Task item: This exercise asks for the entries to be repeated exactly, without their images.

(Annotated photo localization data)
---------------
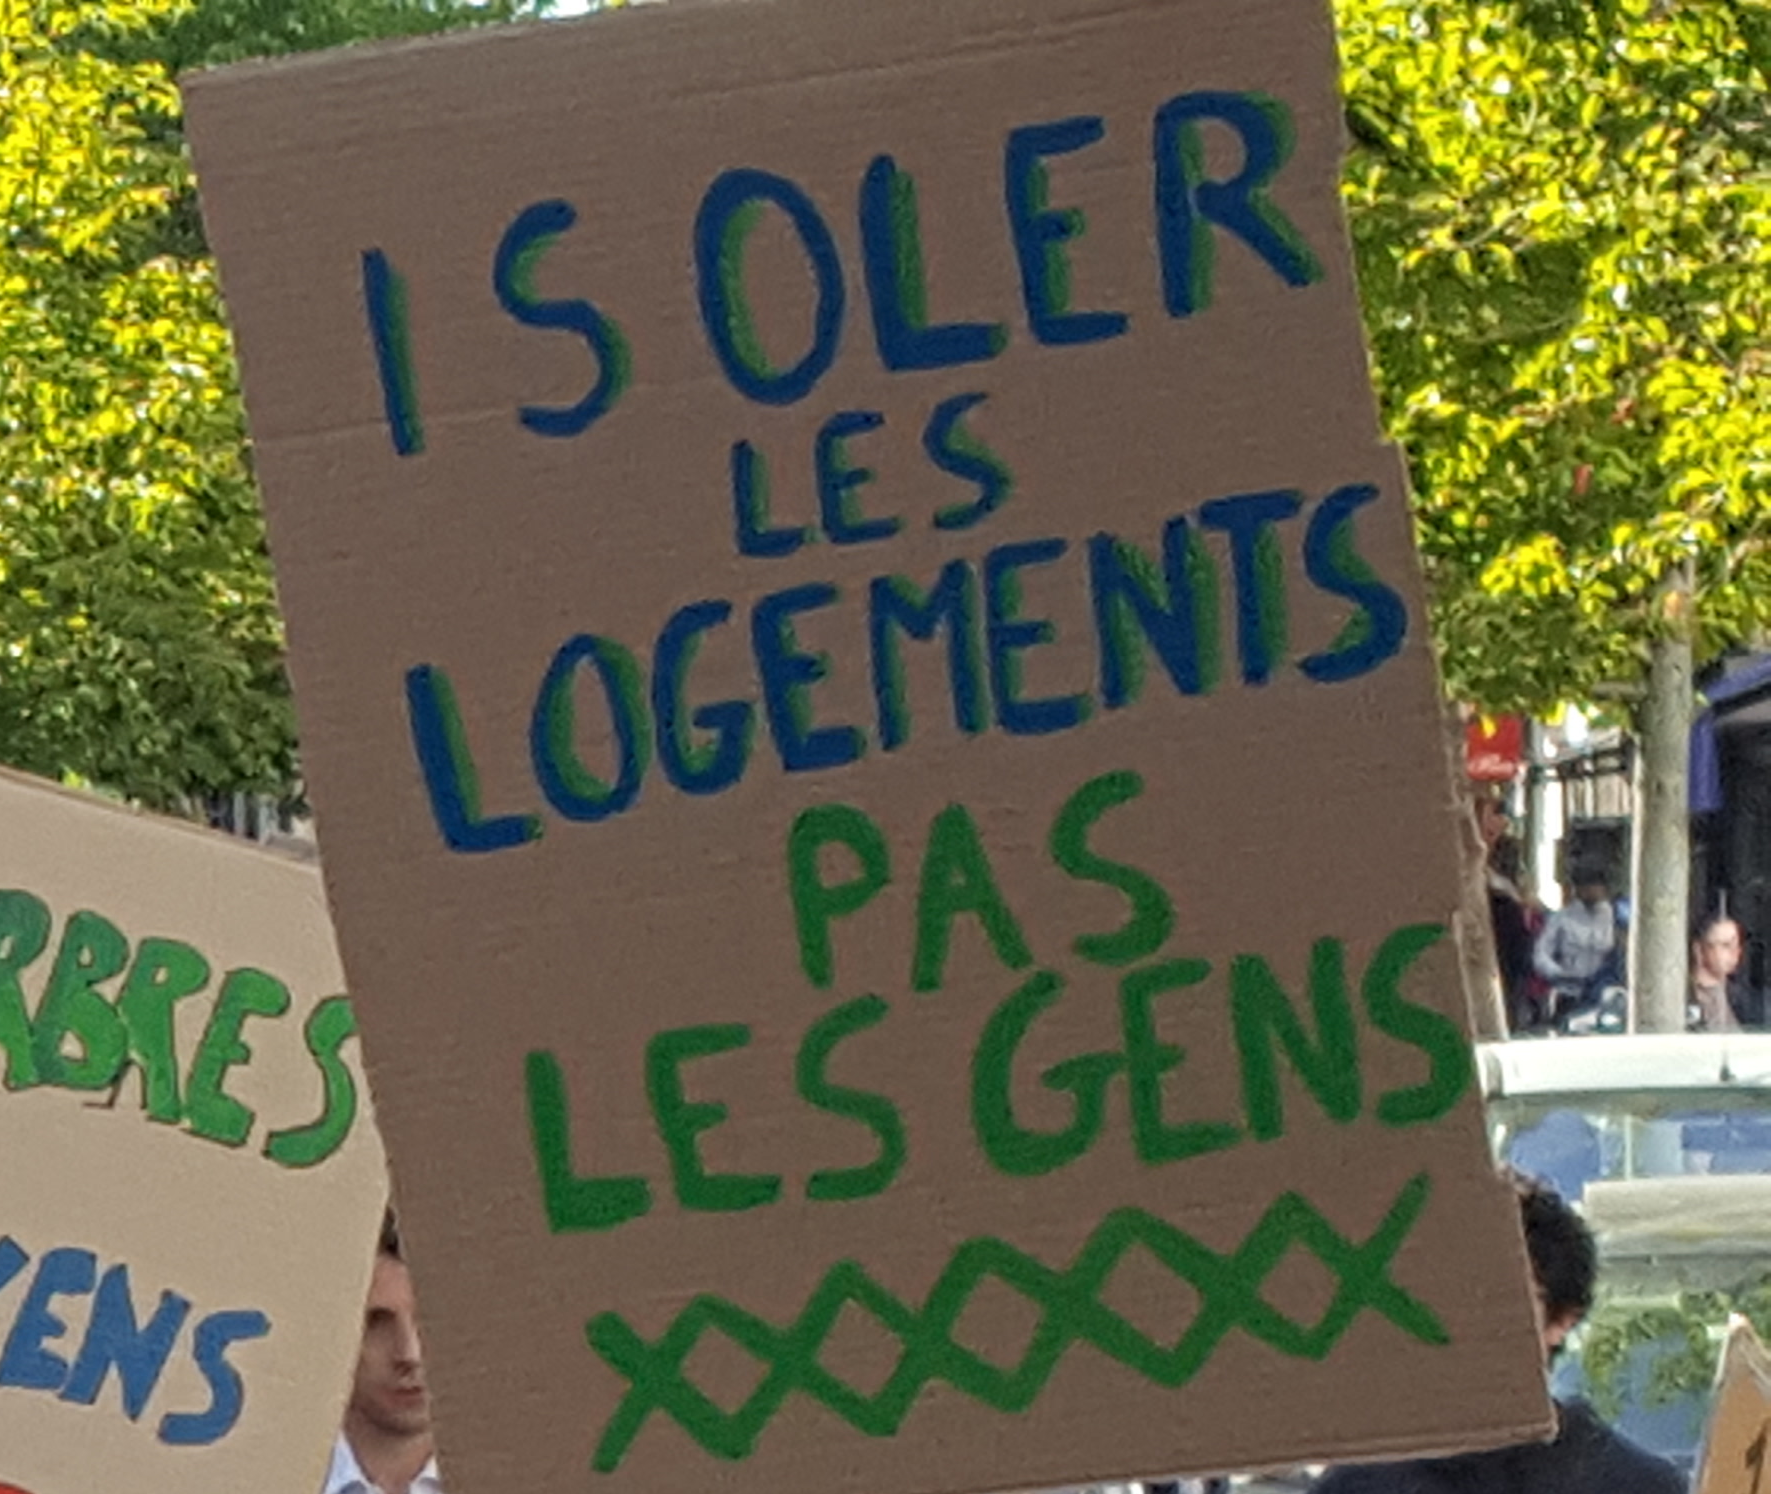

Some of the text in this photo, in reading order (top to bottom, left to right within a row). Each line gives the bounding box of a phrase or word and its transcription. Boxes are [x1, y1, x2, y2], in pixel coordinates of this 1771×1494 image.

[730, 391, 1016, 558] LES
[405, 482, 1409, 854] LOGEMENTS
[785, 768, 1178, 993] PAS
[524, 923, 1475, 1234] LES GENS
---------------
Task result:
Some of the text in this photo, in reading order (top to bottom, left to right within a row). Each line gives the bounding box of a phrase or word and its transcription. Boxes are [x1, y1, x2, y2], in pixel coordinates of this 1771×1494 image.

[730, 391, 1016, 558] LES
[405, 482, 1409, 854] LOGEMENTS
[785, 768, 1178, 993] PAS
[524, 923, 1475, 1234] LES GENS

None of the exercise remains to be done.